Warlogs des US-Militär

July 26th, 2010 von maphry

Es ist wohl der bisher grösste Coup den die Whistleblowerseite Wikileaks bisher landen konnte. Nach dem es in der Vergangenheit Streit mit der US-Regierung wegen einiger weniger Dokumente gab, schlägt es nun mit der Veröffentlichung von ca. 75000 Dokumenten zurück. Weitere 15000 hat die Seite offenbar noch im Petto, lehnt eine Veröffentlichung davon jedoch ab, da es entweder Informanten auffliegen oder Soldaten gefährden würde.
Dazu muss man sagen, dass eine Gefährdung auch durch diese Dokumente die nun veröffentlicht wurden eintreten kann. Jedoch muss man auch zugestehen, dass die Militärs in den letzten Jahren doch recht grosszügig auf Datenweitergabe verzichtet haben, die wohl eine schlechte Presse bedeutet hätten.
Die Analyse in den nächsten tagen wird zeigen, wie wertvoll und gefährlich die Daten wirklich sind.

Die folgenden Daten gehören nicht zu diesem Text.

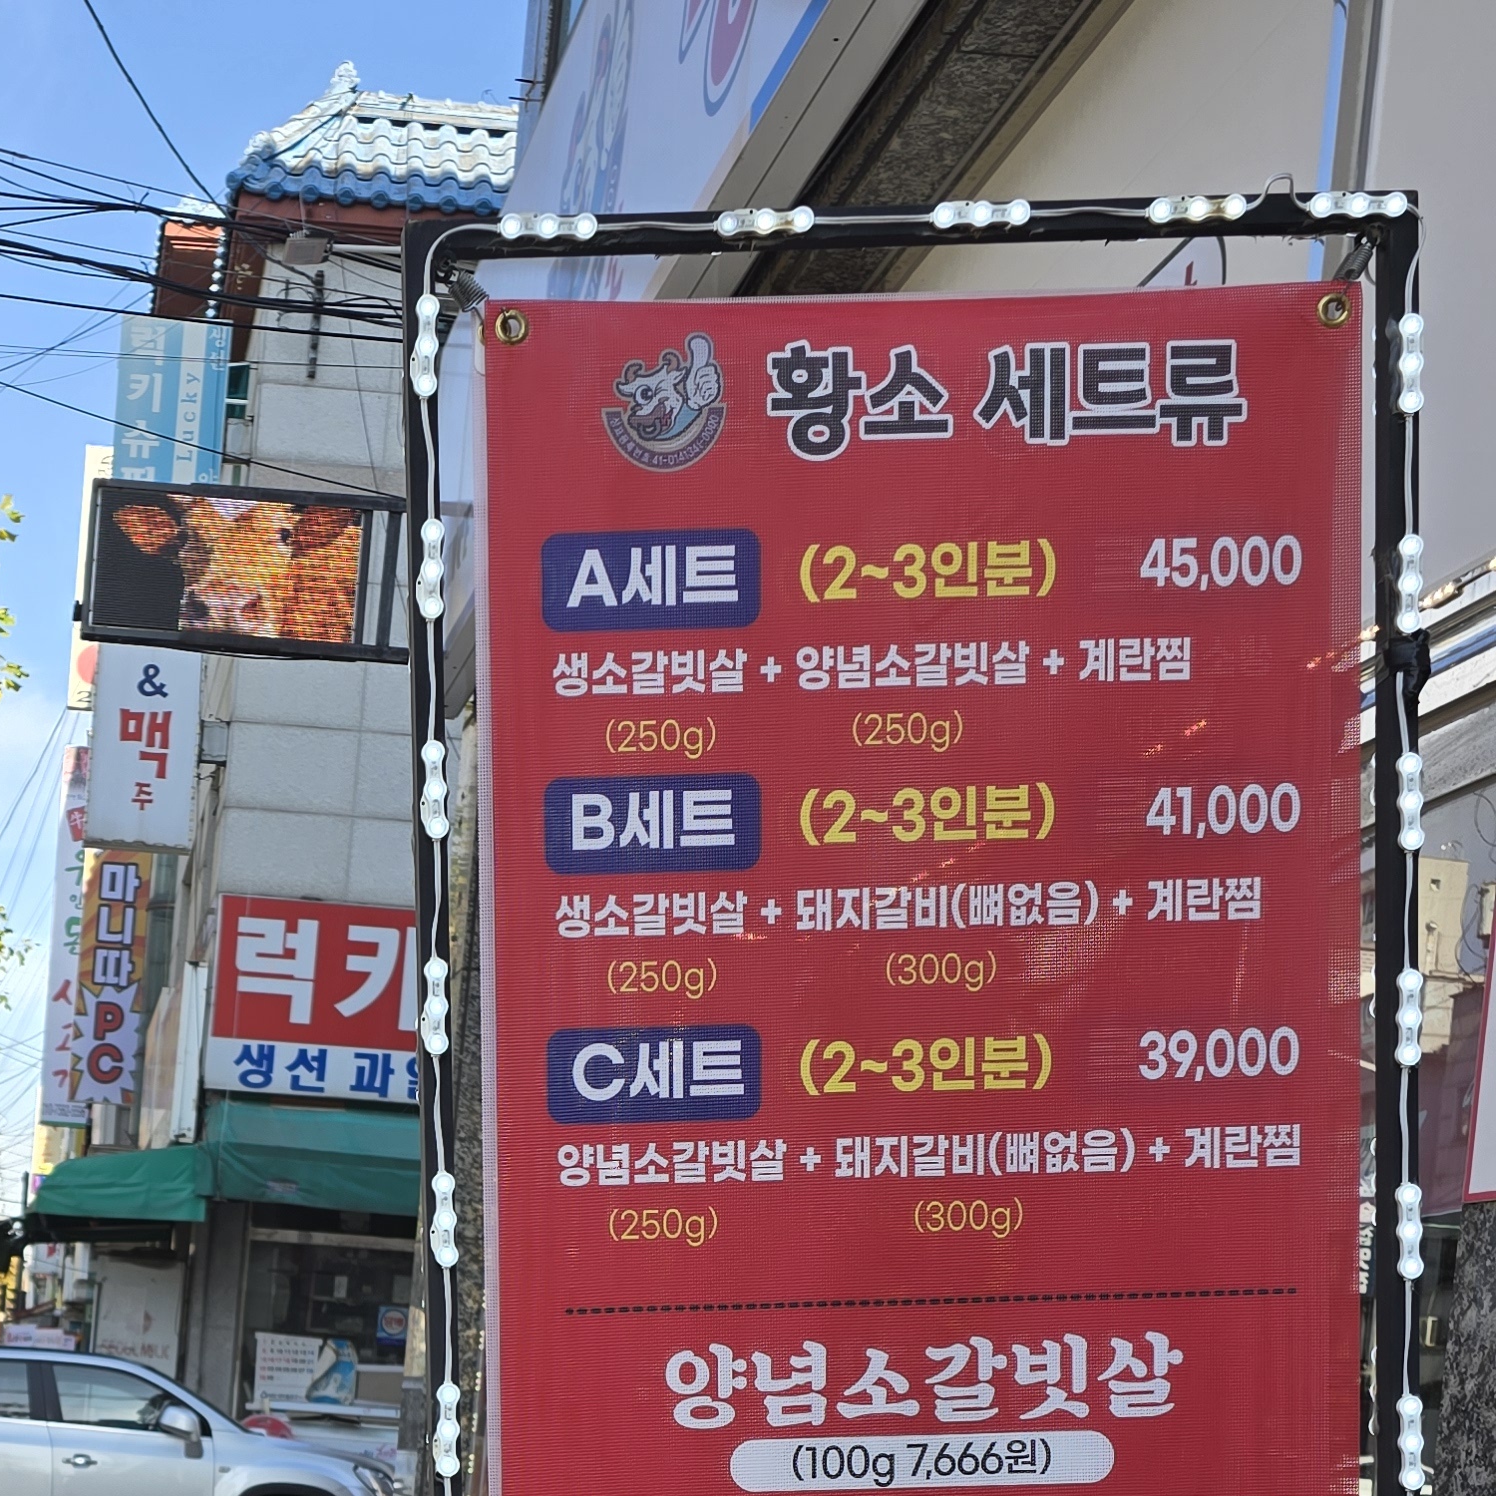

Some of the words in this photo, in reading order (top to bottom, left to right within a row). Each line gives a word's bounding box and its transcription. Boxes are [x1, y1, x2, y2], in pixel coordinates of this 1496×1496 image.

[176, 372, 200, 462] Lucky
[766, 339, 954, 462] 황소
[974, 339, 1247, 447] 세트류
[566, 548, 739, 608] A세트
[799, 538, 1057, 603] (2~3인분)
[1140, 534, 1302, 592] 45,000
[137, 664, 168, 698] &
[551, 649, 747, 697] 생소갈빗살
[796, 641, 1030, 690] 양념소갈빗살
[1078, 636, 1191, 684] 계란찜
[119, 709, 172, 811] 맥주
[605, 717, 716, 759] (250g)
[852, 710, 963, 749] (250g)
[571, 790, 736, 852] B세트
[799, 781, 1055, 847] (2~3인분)
[1145, 782, 1301, 839] 41,000
[92, 862, 141, 988] 마니따
[555, 890, 747, 939] 생소갈빗살
[796, 880, 1097, 933] 돼지갈비(뼈없음)
[1147, 876, 1262, 924] 계란찜
[236, 916, 418, 1032] 럭키
[606, 957, 718, 999] (250g)
[885, 950, 998, 990] (300g)
[87, 1001, 124, 1084] PC
[234, 1043, 328, 1093] 생선
[349, 1052, 418, 1098] 과
[573, 1040, 745, 1102] C세트
[799, 1033, 1053, 1097] (2~3인분)
[1138, 1026, 1300, 1082] 39,000
[557, 1140, 786, 1186] 양념소갈빗살
[835, 1127, 1134, 1179] 돼지갈비(뼈없음)
[1184, 1122, 1301, 1170] 계란찜
[608, 1206, 718, 1245] (250g)
[913, 1197, 1024, 1237] (300g)
[665, 1330, 1184, 1430] 양념소갈빗살
[791, 1443, 896, 1488] (100g
[906, 1437, 1052, 1482] 7,666원)

Der Spiegel, The Guardian und die New York Times haben die Dtaen im Vorfeld erhalten und diese analysiert. Bei der Veröffentlichung hat sich der Guardian besonders hervorgetan. Er hat auf einer Übersichtsseite das wichtigste zusammengetragen, dazu Datenvisualisierungen genutzt und sogar ein Blog über die internationalen Reaktionen über die Daten zusammengestellt.
Bei der NYTimes versucht man mit einem Überblicksartikel die Daten einzuordnen.
Beim Spiegel werden nur kurze Einblicke gegeben, die etwas mickrig ausfallen.

Betrachtet man diese drei Auswertungen so muss man wieder sagen, dass der Guardian den beiden Konkurrenten aus dem eigenen politischen Spektrum sehr weit voraus ist. Gerade der Spiegel schafft es offenbar nicht solch Chancen zu nutzen und zu einer wirklich grossen Story aufzubauen, zumindest nicht solange es die Online-Redaktion betrifft. Die Angst der Printausgabe zu viel wegzunehmen ist einfach zu gross. Es ist also wieder mal ein weiteres Zeichen dafür, dass die britischen Zeitungen in der Qualität den deutschen Haushoch überlegen sind.